Il Team Ginè è in grado di accompagnare i futuri genitori attraverso una serie di indagini, strumentali e di laboratorio, grazie alle quali è possibile monitorare lo stato di salute e di benessere del feto durante il corso della gravidanza.
Screening delle Aneuploidie del Primo Trimetre (Bitest)
Nel primo trimestre sarà possibile effettuare lo Screening delle anomalie cromosomiche, attraverso l’identificazione di marcatori di rischio, ecografici e biochimici; dopo l’ecografia, seguirà quindi un prelievo di sangue.
È comunque bene ricordare che questi esami non sono diagnostici ma stime statistiche del rischio, che oggi arrivano ad una sensibilità superiore al 95%.

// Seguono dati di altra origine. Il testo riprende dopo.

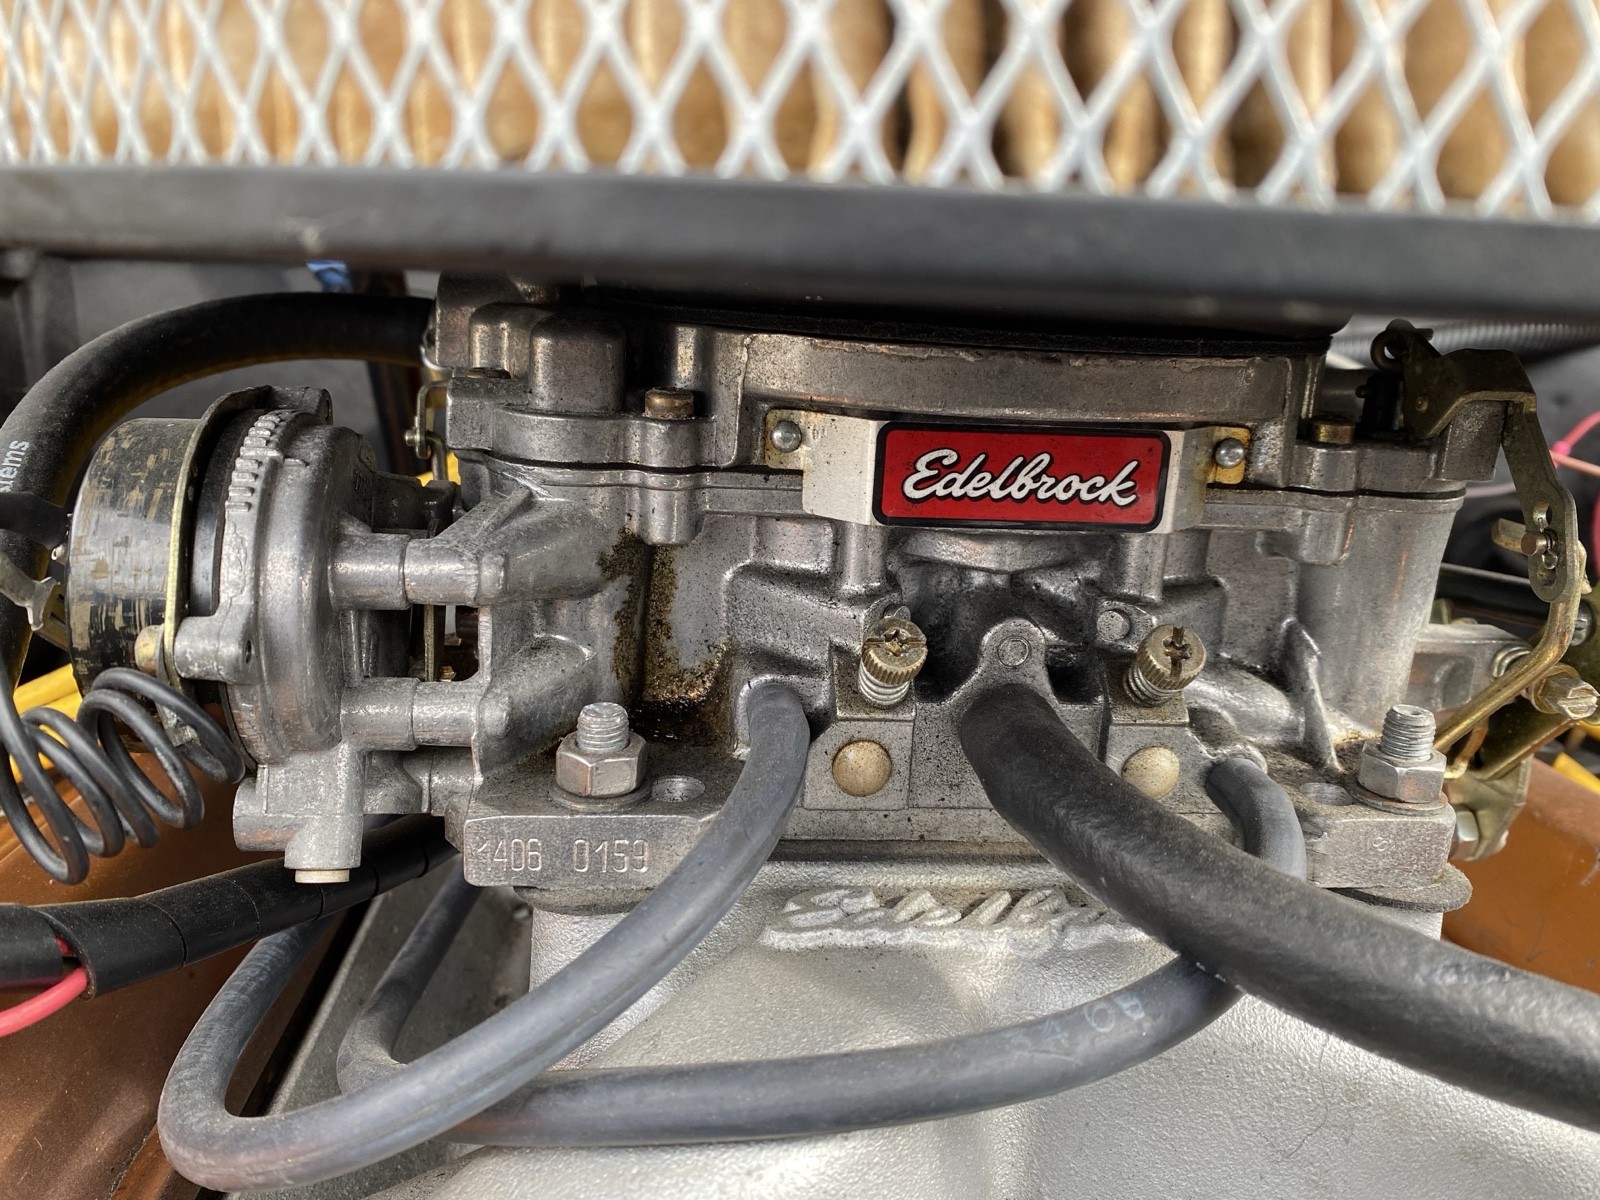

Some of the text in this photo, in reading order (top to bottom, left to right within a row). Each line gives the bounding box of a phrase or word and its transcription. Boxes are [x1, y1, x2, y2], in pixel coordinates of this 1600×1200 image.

[902, 448, 1139, 507] Edelbrock
[477, 838, 649, 873] 1406 0159
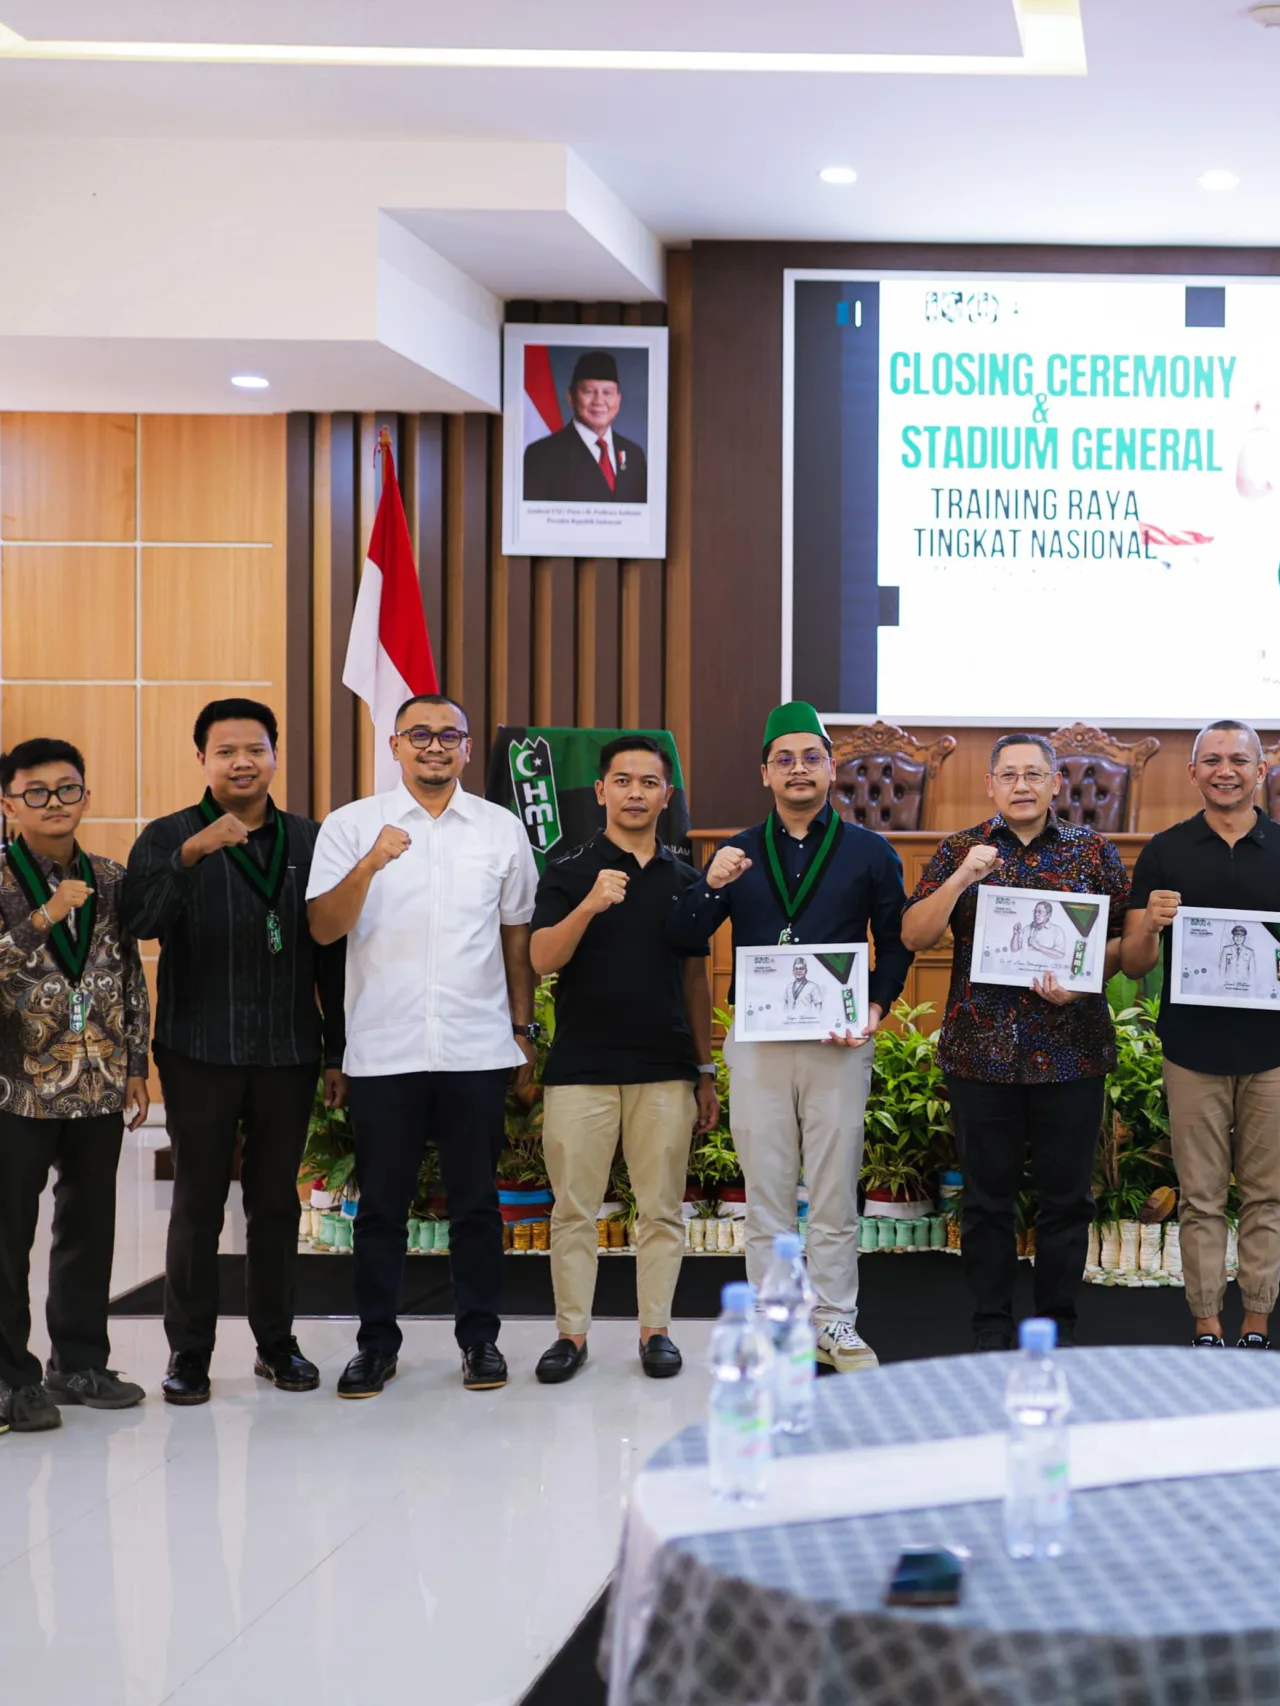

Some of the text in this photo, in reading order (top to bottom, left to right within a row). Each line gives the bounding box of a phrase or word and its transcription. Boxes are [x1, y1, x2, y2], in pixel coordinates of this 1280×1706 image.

Test Prenatale non invasivo
Si tratta di un semplice prelievo di sangue materno, che permette di rilevare il DNA fetale di origine trofoblastica.
Si esegue dalla la 10° settimana di gestazione e permette di valutare il completo cariotipo fetale, con un attendibilità che varia dal 90 al 99%; permette quindi la diagnosi del sesso. Si può perfezionare il risultato con analisi di altre 5 microdelezioni per la ricerca di patologie genetiche (Sindrome di George, Sindrome di Angelman, Sindrome di Prader- Willi, Malattia du Cri-du-chat e Sindrome da delezione 1p36).
Questo test è attualmente a pagamento. L’esito positivo dell’esame non va confermato con diagnosi invasiva.
Amniocentesi Villocentesi
Il prelievo di liquido amniotico sotto guida ecografica permette di studiare la mappa genetica del bambino. L’esame è indolore e viene eseguito attorno alla 16° settimana.
In alternativa , può essere indagato anticipare l’esame attorno alla 12° settimana, epoca in cui il materiale studiato è costituito dai villi coriali.
È attualmente possibile avere una diagnosi sulle principali alterazioni cromosomiche entro una settimana dall’esecuzione dell’esame.
Il sistema sanitario nazionale copre il costo della tecnica solo per le pazienti che hanno compiuto 35 anni o su pazienti più giovani in caso di malattie familiari o test di screening positivo.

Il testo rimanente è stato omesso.